La loi Travail de 2016 a été lourde de conséquences politiques, qui avaient été mal anticipées et qui tiennent sans doute pour partie aux particularités de son processus d'élaboration.

Nonfiction : Vous avez consacré un petit livre à la loi Travail, pouvez-vous tout d’abord nous rappeler le contexte qui a présidé à son élaboration. 

Philippe Légé : Pour comprendre le contexte, il faut d’abord se rappeler qu’en dépit des discours sur l’immobilisme français ou l’archaïsme de notre modèle social, les règles du « marché du travail » sont sans cesse réformées. Et les dernières réformes constituent l’atmosphère dans laquelle se préparent les suivantes. Il est donc important d’avoir une vision globale de ces réformes. C’est ce que je propose dans le premier chapitre de l’ouvrage. Cela permet de montrer que la place de la négociation collective dans le droit du travail français est une question récurrente et que ses enjeux concrets sont multiples : conditions de licenciement, négociations salariales, pouvoir syndical, etc.

La loi Travail adoptée en aout 2016 s’inscrit ainsi dans une série de réformes du marché du travail menées depuis trois décennies. Au fil de celles-ci, le législateur a autorisé, sous certaines conditions, la conclusion d’accords collectifs dérogatoires. Il a aussi introduit des règles (dites « supplétives ») qui ne s’appliquent que par défaut, c’est-à-dire des règles qui ne valent qu’en l’absence d’accord collectif. De ce fait, la relation de travail est de plus en plus régie par la norme négociée, et non par la norme légale. La loi Travail participe de ce mouvement puisqu’elle accorde davantage d’importance aux accords d’entreprise.

Dans le premier chapitre du livre, je reviens sur un autre élément contextuel essentiel : la crise économique. En 2012, alors qu’a lieu l’élection présidentielle, le taux de chômage est en augmentation depuis quatre ans. Et les plans de restrictions budgétaires adoptés simultanément par les pays développés étouffent la reprise de l’activité. Résultat : la zone euro retombe en récession en 2012. En France, de nouveaux projets de réforme du marché du travail sont explicitement présentés comme une réponse à la crise économique. François Hollande et son gouvernement vont peu à peu reprendre ce discours à leur compte. Un choix est fait : accroître encore la flexibilité du marché du travail. Mais le pouvoir est lui-même divisé. Car le contexte c’est aussi la concurrence politique entre plusieurs sensibilités au sein de la majorité parlementaire (les frondeurs s’opposent au projet de loi Travail) et au sein du gouvernement (les ambitions de Manuel Valls se heurtent à celles d’Emmanuel Macron).

 

A quel problème cette loi était censée répondre ?

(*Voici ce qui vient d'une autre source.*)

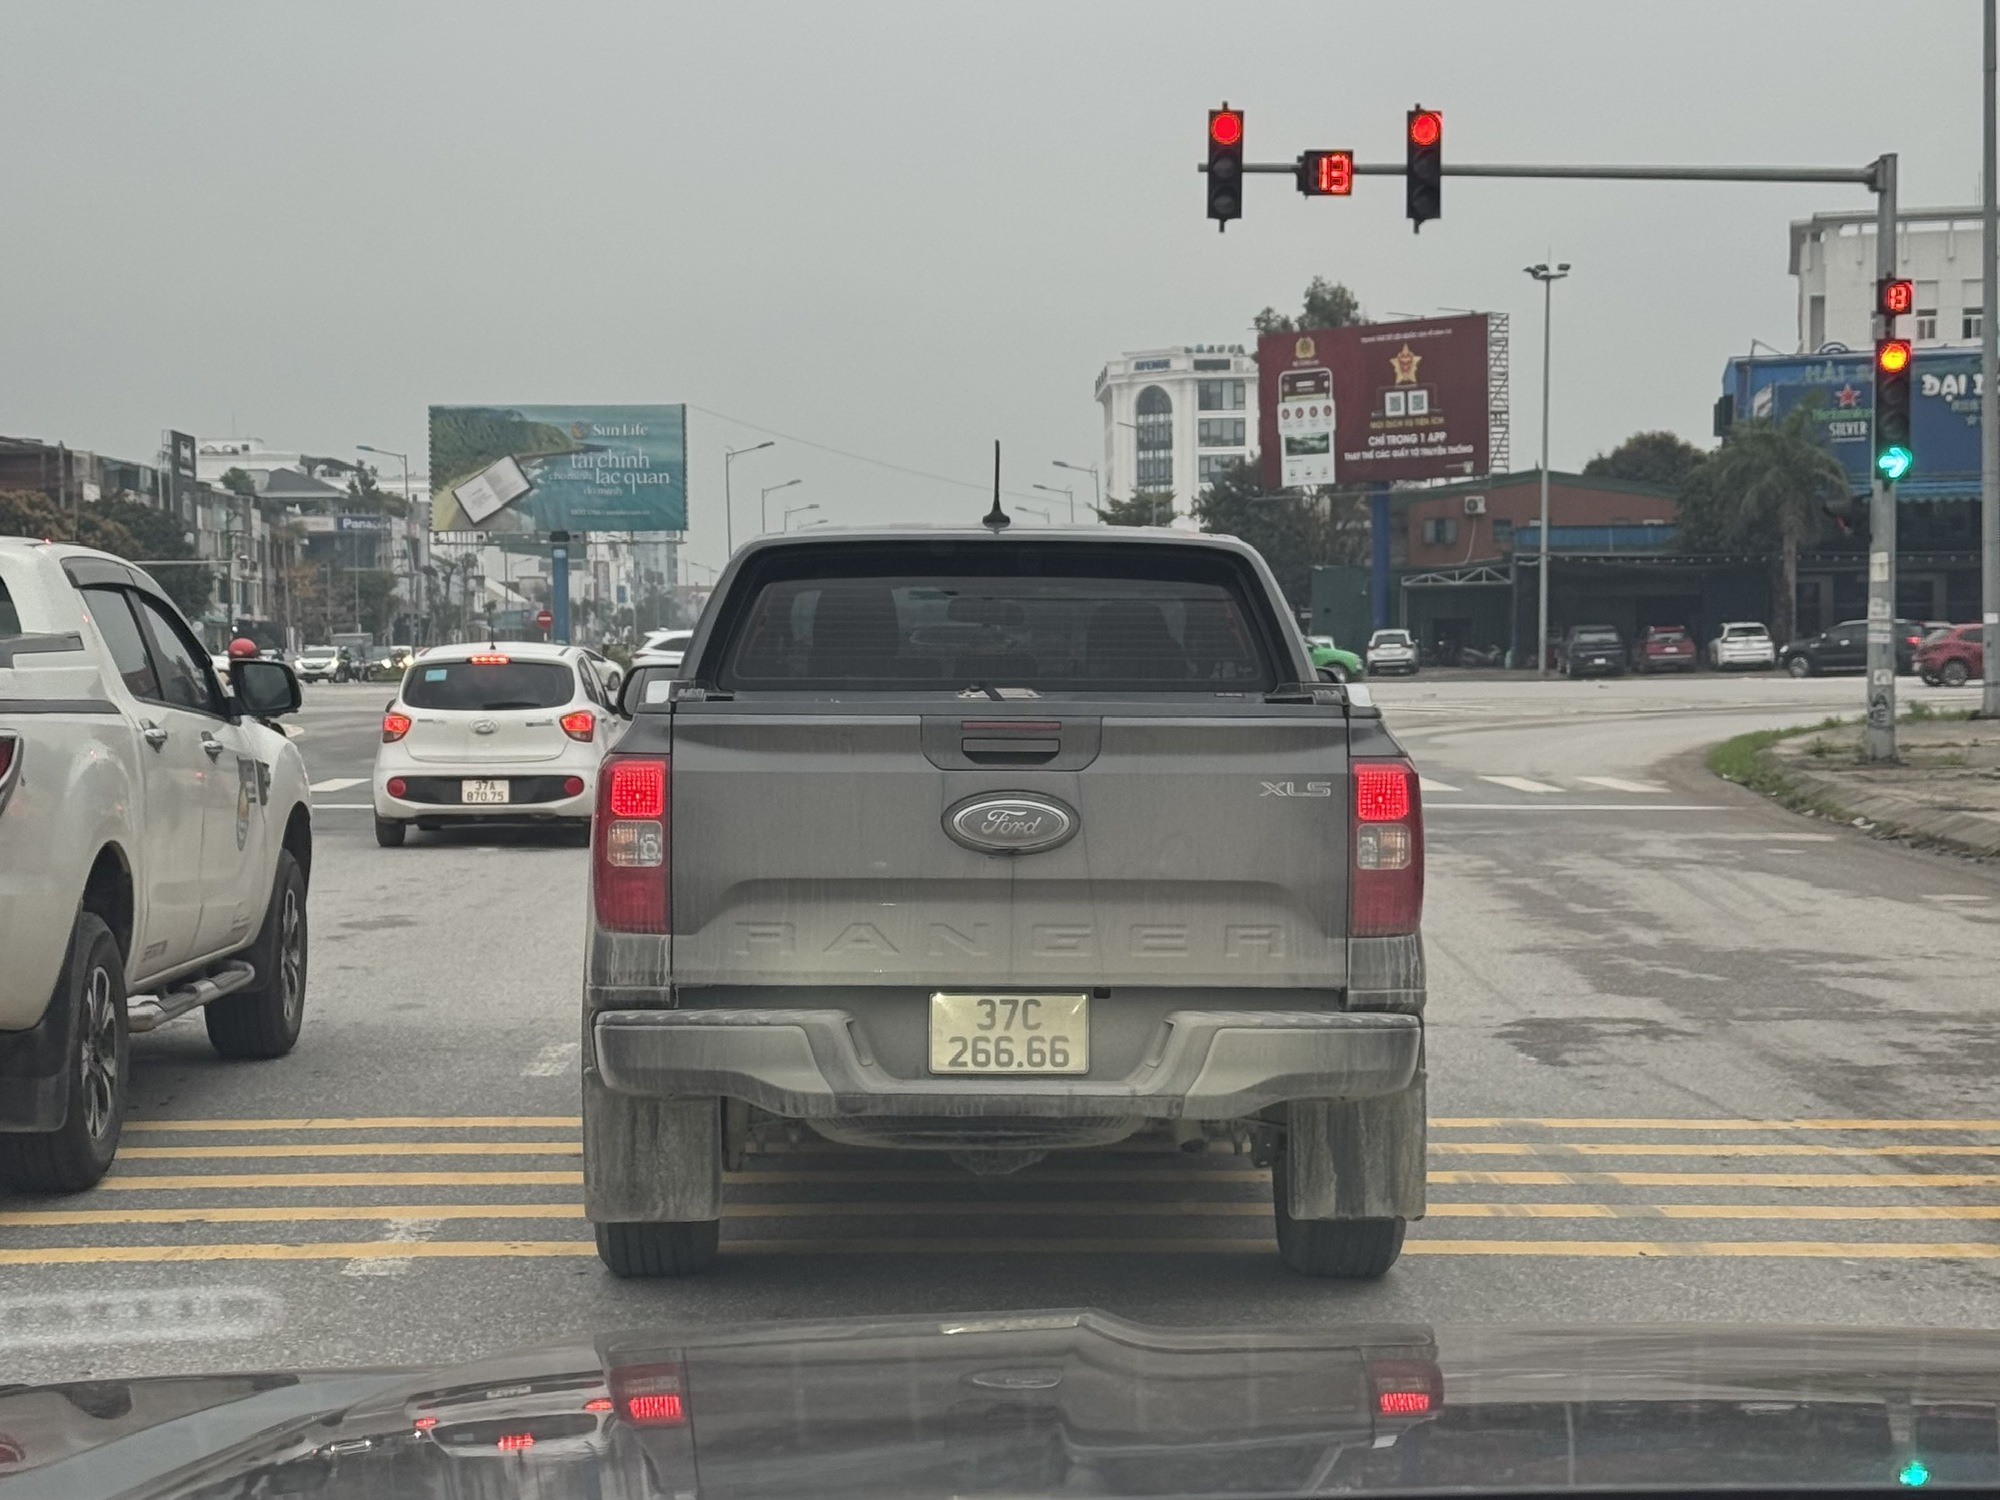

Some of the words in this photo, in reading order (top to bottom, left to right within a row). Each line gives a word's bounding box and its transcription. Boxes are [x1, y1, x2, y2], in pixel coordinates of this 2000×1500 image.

La crise économique a été l’occasion de réactiver le vieux discours sur la nécessaire simplification du Code du Travail, accusé de décourager les créations d’emploi. Cet objectif de simplification figurait dans le Programme national de réforme que le gouvernement avait présenté à la Commission européenne au printemps 2015. Au même moment, dans la lettre de mission qu’il adresse le 1er avril 2015 à Jean-Denis Combrexelle, le Premier ministre indique que « la place de l’accord collectif par rapport à la loi dans le droit du travail en France est encore trop limitée » et demande des propositions afin de « faire une plus grande place à la négociation collective et en particulier à la négociation d’entreprise ». Le mandat de la commission est donc très précis quant à la nature des conclusions attendues.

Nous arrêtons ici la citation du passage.